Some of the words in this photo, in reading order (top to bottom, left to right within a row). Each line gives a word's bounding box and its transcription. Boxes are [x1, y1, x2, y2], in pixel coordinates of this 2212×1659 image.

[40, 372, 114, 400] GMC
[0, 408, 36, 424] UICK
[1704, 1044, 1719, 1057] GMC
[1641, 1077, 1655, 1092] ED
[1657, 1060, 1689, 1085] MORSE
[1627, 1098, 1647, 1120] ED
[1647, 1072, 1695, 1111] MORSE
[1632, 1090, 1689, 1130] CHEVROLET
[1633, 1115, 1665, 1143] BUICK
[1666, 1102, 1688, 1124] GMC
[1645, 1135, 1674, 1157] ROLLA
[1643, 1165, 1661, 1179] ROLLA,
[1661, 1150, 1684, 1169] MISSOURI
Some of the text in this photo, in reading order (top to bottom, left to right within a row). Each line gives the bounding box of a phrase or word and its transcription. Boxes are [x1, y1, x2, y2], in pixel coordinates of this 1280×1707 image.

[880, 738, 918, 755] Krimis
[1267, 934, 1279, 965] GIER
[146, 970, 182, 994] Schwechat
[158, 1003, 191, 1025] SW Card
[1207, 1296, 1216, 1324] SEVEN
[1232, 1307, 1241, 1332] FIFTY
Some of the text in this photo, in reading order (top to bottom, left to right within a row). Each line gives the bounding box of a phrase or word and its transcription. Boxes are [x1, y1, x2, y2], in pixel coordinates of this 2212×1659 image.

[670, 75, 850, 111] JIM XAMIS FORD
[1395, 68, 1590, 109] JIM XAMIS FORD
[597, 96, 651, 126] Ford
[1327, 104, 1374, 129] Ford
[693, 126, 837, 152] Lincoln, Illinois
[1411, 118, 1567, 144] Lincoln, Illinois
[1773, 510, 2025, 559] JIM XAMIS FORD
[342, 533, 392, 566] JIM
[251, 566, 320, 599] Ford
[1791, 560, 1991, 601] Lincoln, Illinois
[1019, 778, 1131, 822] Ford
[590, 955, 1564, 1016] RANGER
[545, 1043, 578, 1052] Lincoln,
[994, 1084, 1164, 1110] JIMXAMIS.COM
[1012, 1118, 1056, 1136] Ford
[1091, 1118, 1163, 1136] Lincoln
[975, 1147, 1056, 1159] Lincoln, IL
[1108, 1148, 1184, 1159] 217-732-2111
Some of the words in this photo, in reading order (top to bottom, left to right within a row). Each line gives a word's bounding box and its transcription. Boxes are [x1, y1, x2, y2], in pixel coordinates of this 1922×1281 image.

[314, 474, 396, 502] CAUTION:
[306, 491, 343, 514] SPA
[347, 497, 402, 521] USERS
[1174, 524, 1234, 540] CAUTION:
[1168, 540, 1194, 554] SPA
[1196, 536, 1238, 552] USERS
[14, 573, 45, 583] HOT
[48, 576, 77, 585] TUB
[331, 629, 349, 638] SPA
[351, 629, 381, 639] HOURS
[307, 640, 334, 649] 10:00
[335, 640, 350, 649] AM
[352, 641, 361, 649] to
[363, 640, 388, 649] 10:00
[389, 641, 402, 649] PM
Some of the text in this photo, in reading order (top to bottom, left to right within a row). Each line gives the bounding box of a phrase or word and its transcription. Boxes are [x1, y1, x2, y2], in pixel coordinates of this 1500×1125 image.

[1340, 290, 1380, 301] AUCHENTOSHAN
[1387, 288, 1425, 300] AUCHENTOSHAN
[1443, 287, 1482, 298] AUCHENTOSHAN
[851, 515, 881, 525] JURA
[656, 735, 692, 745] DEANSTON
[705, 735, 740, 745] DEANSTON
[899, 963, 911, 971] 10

*Your objective*.
Each entry must be reproduced exactly, with nothing added or dropped.

*Problem solution*.
Some of the words in this photo, in reading order (top to bottom, left to right within a row). Each line gives a word's bounding box and its transcription. Boxes are [x1, y1, x2, y2], in pixel coordinates of this 2212×1659 image.

[40, 372, 114, 400] GMC
[0, 408, 36, 424] UICK
[1704, 1044, 1719, 1057] GMC
[1641, 1077, 1655, 1092] ED
[1657, 1060, 1689, 1085] MORSE
[1627, 1098, 1647, 1120] ED
[1647, 1072, 1695, 1111] MORSE
[1632, 1090, 1689, 1130] CHEVROLET
[1633, 1115, 1665, 1143] BUICK
[1666, 1102, 1688, 1124] GMC
[1645, 1135, 1674, 1157] ROLLA
[1643, 1165, 1661, 1179] ROLLA,
[1661, 1150, 1684, 1169] MISSOURI
Some of the text in this photo, in reading order (top to bottom, left to right within a row). Each line gives the bounding box of a phrase or word and its transcription. Boxes are [x1, y1, x2, y2], in pixel coordinates of this 1280×1707 image.

[880, 738, 918, 755] Krimis
[1267, 934, 1279, 965] GIER
[146, 970, 182, 994] Schwechat
[158, 1003, 191, 1025] SW Card
[1207, 1296, 1216, 1324] SEVEN
[1232, 1307, 1241, 1332] FIFTY
Some of the text in this photo, in reading order (top to bottom, left to right within a row). Each line gives the bounding box of a phrase or word and its transcription. Boxes are [x1, y1, x2, y2], in pixel coordinates of this 2212×1659 image.

[670, 75, 850, 111] JIM XAMIS FORD
[1395, 68, 1590, 109] JIM XAMIS FORD
[597, 96, 651, 126] Ford
[1327, 104, 1374, 129] Ford
[693, 126, 837, 152] Lincoln, Illinois
[1411, 118, 1567, 144] Lincoln, Illinois
[1773, 510, 2025, 559] JIM XAMIS FORD
[342, 533, 392, 566] JIM
[251, 566, 320, 599] Ford
[1791, 560, 1991, 601] Lincoln, Illinois
[1019, 778, 1131, 822] Ford
[590, 955, 1564, 1016] RANGER
[545, 1043, 578, 1052] Lincoln,
[994, 1084, 1164, 1110] JIMXAMIS.COM
[1012, 1118, 1056, 1136] Ford
[1091, 1118, 1163, 1136] Lincoln
[975, 1147, 1056, 1159] Lincoln, IL
[1108, 1148, 1184, 1159] 217-732-2111
Some of the words in this photo, in reading order (top to bottom, left to right within a row). Each line gives a word's bounding box and its transcription. Boxes are [x1, y1, x2, y2], in pixel coordinates of this 1922×1281 image.

[314, 474, 396, 502] CAUTION:
[306, 491, 343, 514] SPA
[347, 497, 402, 521] USERS
[1174, 524, 1234, 540] CAUTION:
[1168, 540, 1194, 554] SPA
[1196, 536, 1238, 552] USERS
[14, 573, 45, 583] HOT
[48, 576, 77, 585] TUB
[331, 629, 349, 638] SPA
[351, 629, 381, 639] HOURS
[307, 640, 334, 649] 10:00
[335, 640, 350, 649] AM
[352, 641, 361, 649] to
[363, 640, 388, 649] 10:00
[389, 641, 402, 649] PM
Some of the text in this photo, in reading order (top to bottom, left to right within a row). Each line gives the bounding box of a phrase or word and its transcription. Boxes are [x1, y1, x2, y2], in pixel coordinates of this 1500×1125 image.

[1340, 290, 1380, 301] AUCHENTOSHAN
[1387, 288, 1425, 300] AUCHENTOSHAN
[1443, 287, 1482, 298] AUCHENTOSHAN
[851, 515, 881, 525] JURA
[656, 735, 692, 745] DEANSTON
[705, 735, 740, 745] DEANSTON
[899, 963, 911, 971] 10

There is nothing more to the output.